Exclude any images and output the remaining records exactly.

» **Text-to-region grounding data**:
● ● ●

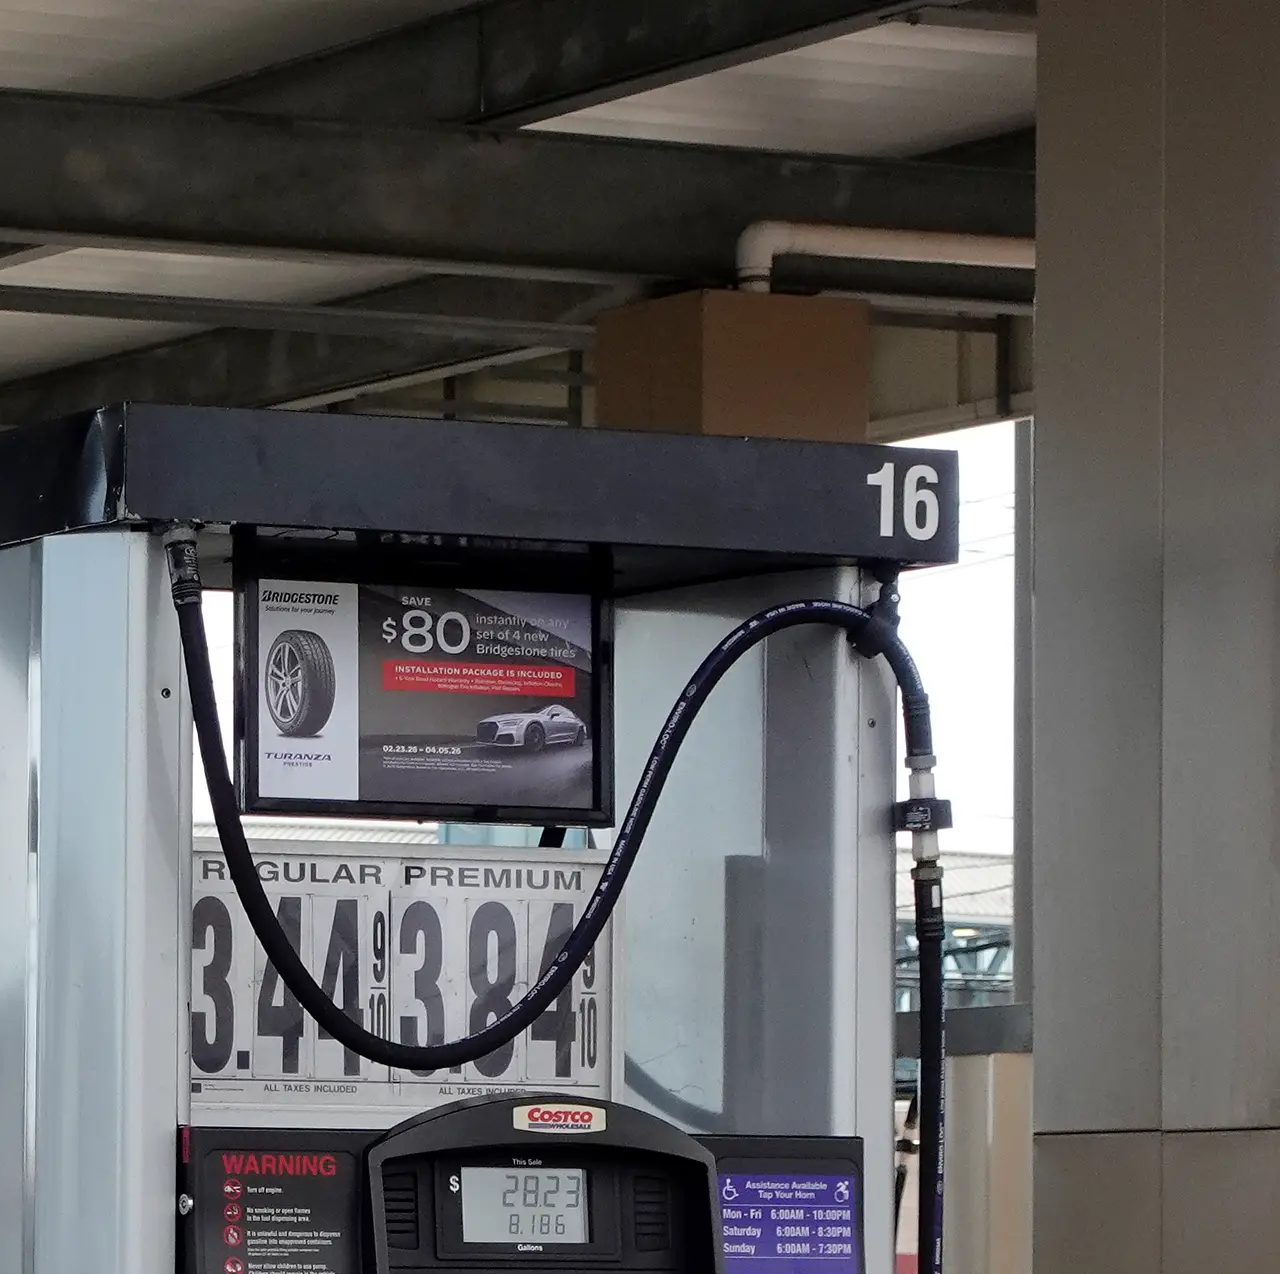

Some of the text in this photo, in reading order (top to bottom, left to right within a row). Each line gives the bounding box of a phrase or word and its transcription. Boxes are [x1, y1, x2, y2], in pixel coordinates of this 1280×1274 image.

[866, 462, 940, 541] 16
[261, 590, 339, 605] BRIDGESTONE
[401, 596, 431, 606] SAVE
[265, 605, 290, 613] Solutions
[476, 613, 527, 628] instantly
[545, 617, 570, 630] any
[382, 610, 471, 654] $80
[476, 629, 550, 642] set of 4 new
[476, 643, 576, 658] Bridgestone tires
[395, 665, 563, 679] INSTALLATION PACKAGE IS INCLUDED
[383, 745, 461, 755] 02.23.26 04.05.26
[265, 752, 333, 761] TURANZA
[202, 859, 583, 891] RGULAR PREMIUM
[264, 1084, 482, 1095] ALL TAXES INCLUDED ALL TAXES
[528, 1108, 593, 1123] COSTCO
[222, 1154, 337, 1176] WARNING
[512, 1158, 542, 1166] This Sale
[449, 1175, 581, 1208] $ 28.23
[745, 1181, 828, 1190] Assistance Available
[758, 1191, 815, 1200] Tap Your Horn
[722, 1209, 851, 1221] Mon Fri 6:00AM 10:00PM
[509, 1213, 566, 1235] 8.186
[723, 1226, 851, 1238] Saturday 6:00AM 8:30PM
[517, 1243, 543, 1252] Gallons
[723, 1243, 851, 1255] Sunday 6:00AM 7:30PM
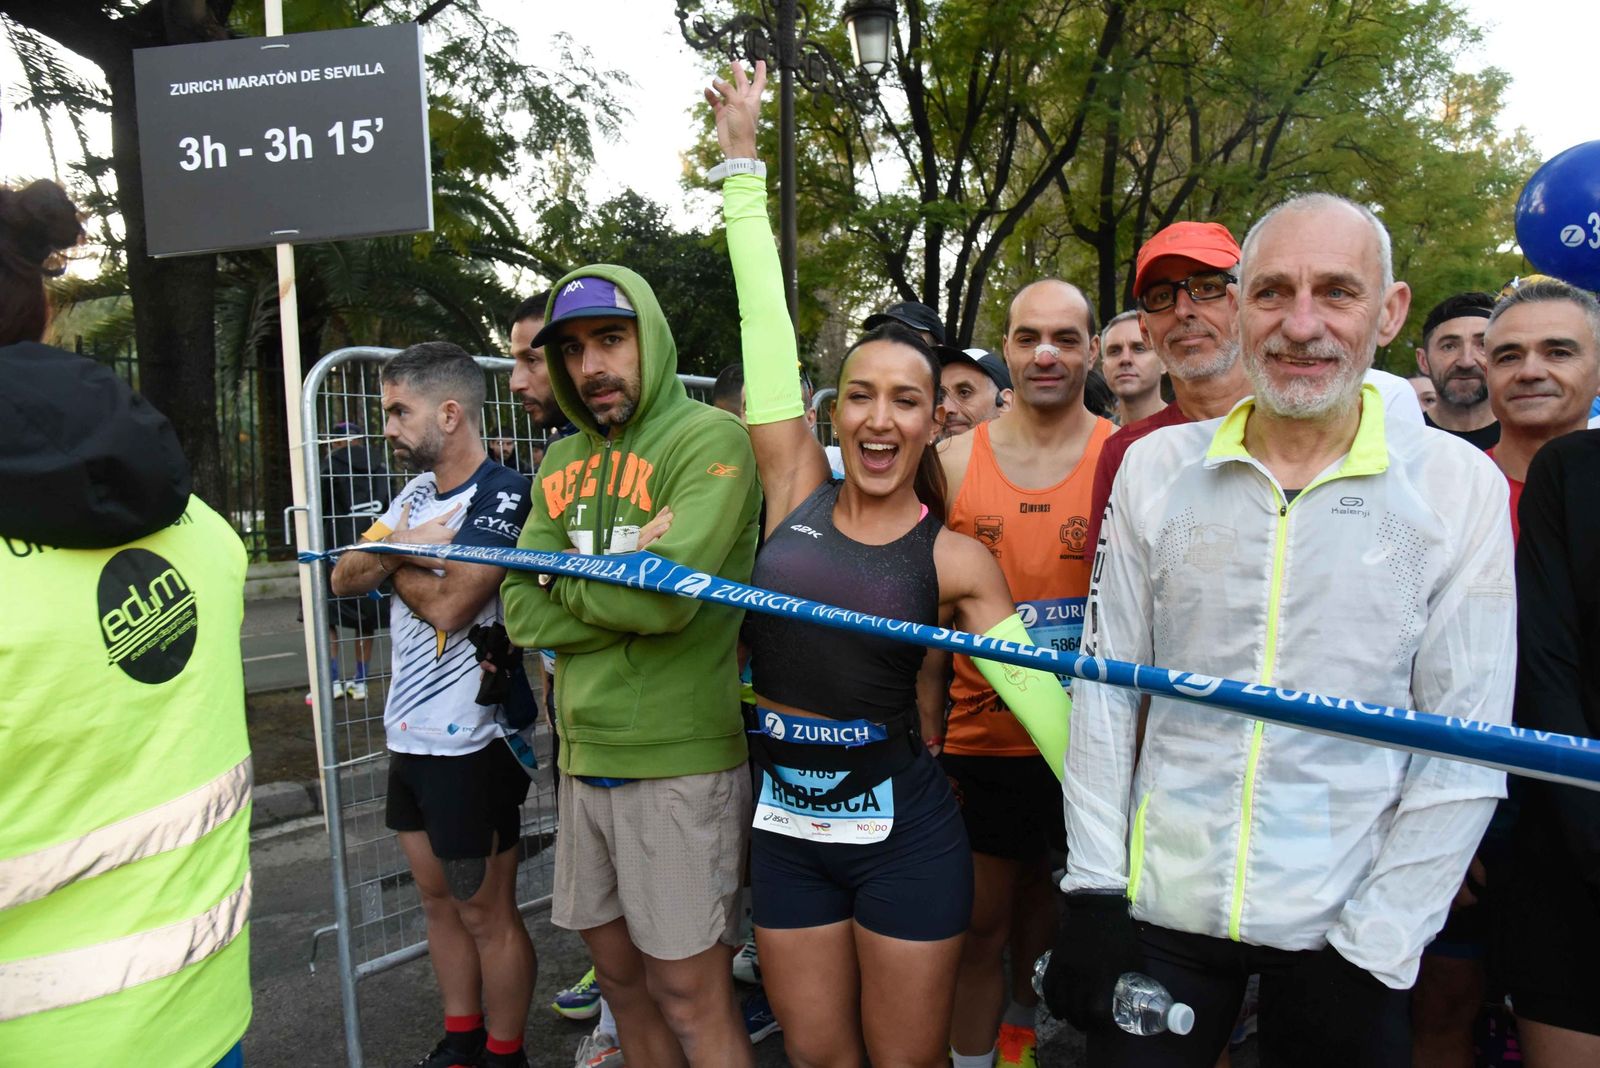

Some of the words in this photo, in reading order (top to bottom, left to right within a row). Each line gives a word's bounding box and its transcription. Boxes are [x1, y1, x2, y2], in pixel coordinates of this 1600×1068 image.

[170, 79, 223, 95] ZURICH
[227, 70, 297, 90] MARATÓN
[301, 69, 321, 82] DE
[324, 62, 385, 80] SEVILLA
[178, 135, 228, 171] 3h
[264, 126, 313, 162] 3h
[327, 117, 384, 155] 15'
[790, 524, 823, 539] 42K
[454, 545, 504, 561] ZURICH
[559, 557, 627, 580] SEVILLA
[102, 568, 186, 642] edym
[710, 584, 809, 613] ZURICH
[792, 724, 870, 743] ZURICH
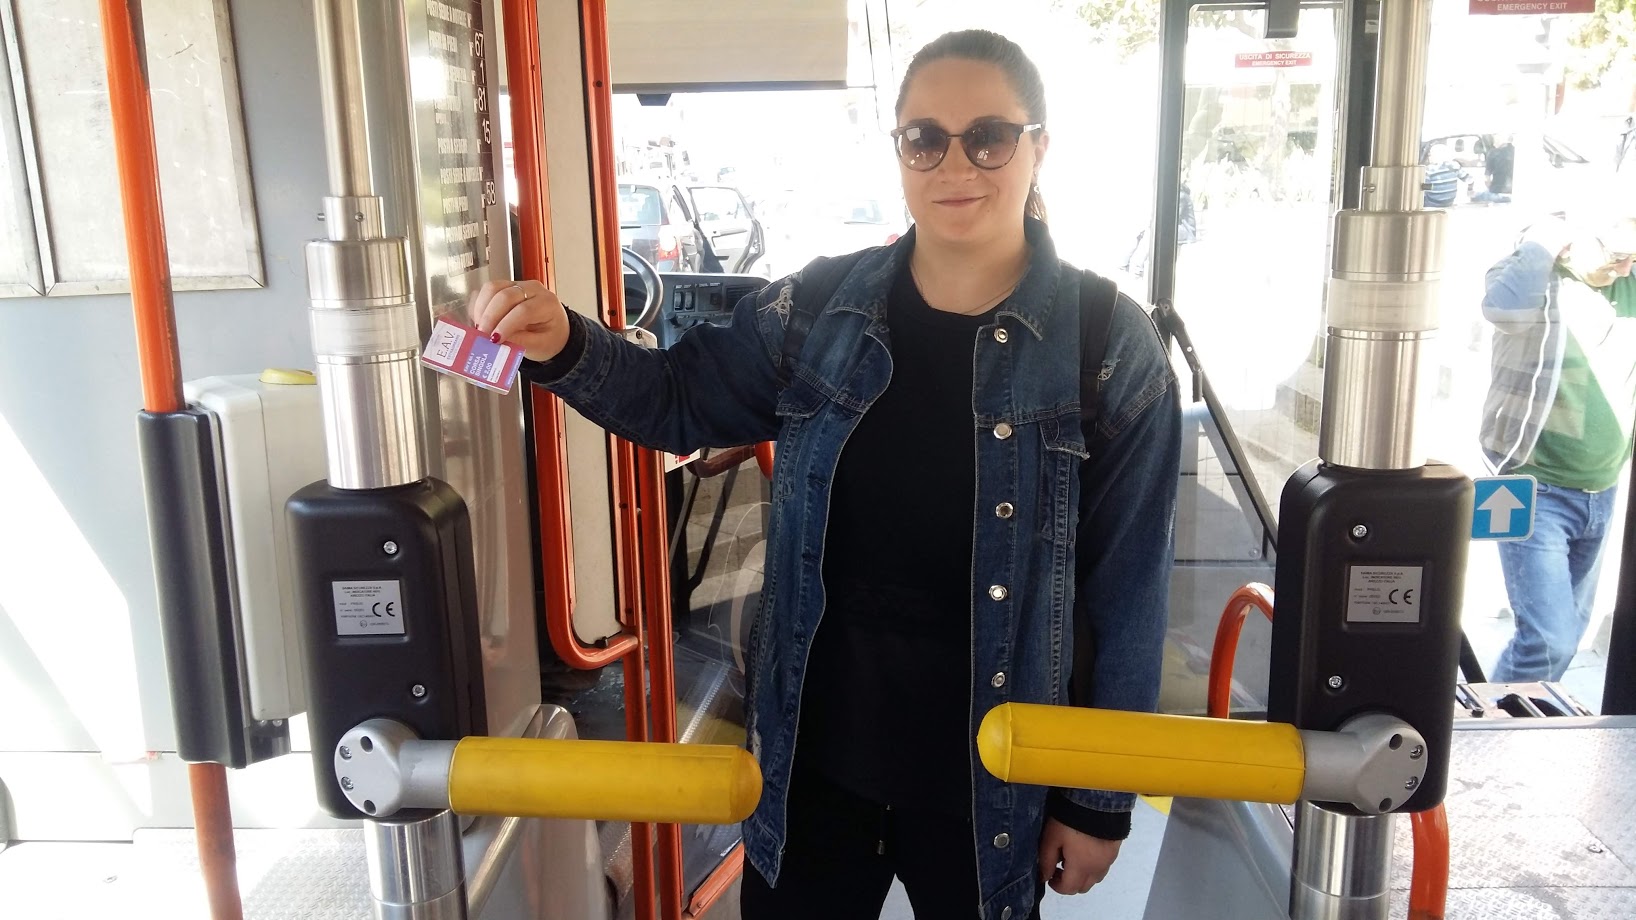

● ● ●

» **SOLUTION TO THIS TASK**:
Some of the text in this photo, in reading order (top to bottom, left to right within a row). Each line gives the bounding box of a phrase or word and its transcription. Boxes are [x1, y1, x2, y2], in pixel coordinates of this 1280×1274 image.

[866, 462, 940, 541] 16
[261, 590, 339, 605] BRIDGESTONE
[401, 596, 431, 606] SAVE
[265, 605, 290, 613] Solutions
[476, 613, 527, 628] instantly
[545, 617, 570, 630] any
[382, 610, 471, 654] $80
[476, 629, 550, 642] set of 4 new
[476, 643, 576, 658] Bridgestone tires
[395, 665, 563, 679] INSTALLATION PACKAGE IS INCLUDED
[383, 745, 461, 755] 02.23.26 04.05.26
[265, 752, 333, 761] TURANZA
[202, 859, 583, 891] RGULAR PREMIUM
[264, 1084, 482, 1095] ALL TAXES INCLUDED ALL TAXES
[528, 1108, 593, 1123] COSTCO
[222, 1154, 337, 1176] WARNING
[512, 1158, 542, 1166] This Sale
[449, 1175, 581, 1208] $ 28.23
[745, 1181, 828, 1190] Assistance Available
[758, 1191, 815, 1200] Tap Your Horn
[722, 1209, 851, 1221] Mon Fri 6:00AM 10:00PM
[509, 1213, 566, 1235] 8.186
[723, 1226, 851, 1238] Saturday 6:00AM 8:30PM
[517, 1243, 543, 1252] Gallons
[723, 1243, 851, 1255] Sunday 6:00AM 7:30PM

Some of the words in this photo, in reading order (top to bottom, left to right within a row). Each line gives a word's bounding box and its transcription. Boxes are [x1, y1, x2, y2], in pixel coordinates of this 1600×1068 image.

[170, 79, 223, 95] ZURICH
[227, 70, 297, 90] MARATÓN
[301, 69, 321, 82] DE
[324, 62, 385, 80] SEVILLA
[178, 135, 228, 171] 3h
[264, 126, 313, 162] 3h
[327, 117, 384, 155] 15'
[790, 524, 823, 539] 42K
[454, 545, 504, 561] ZURICH
[559, 557, 627, 580] SEVILLA
[102, 568, 186, 642] edym
[710, 584, 809, 613] ZURICH
[792, 724, 870, 743] ZURICH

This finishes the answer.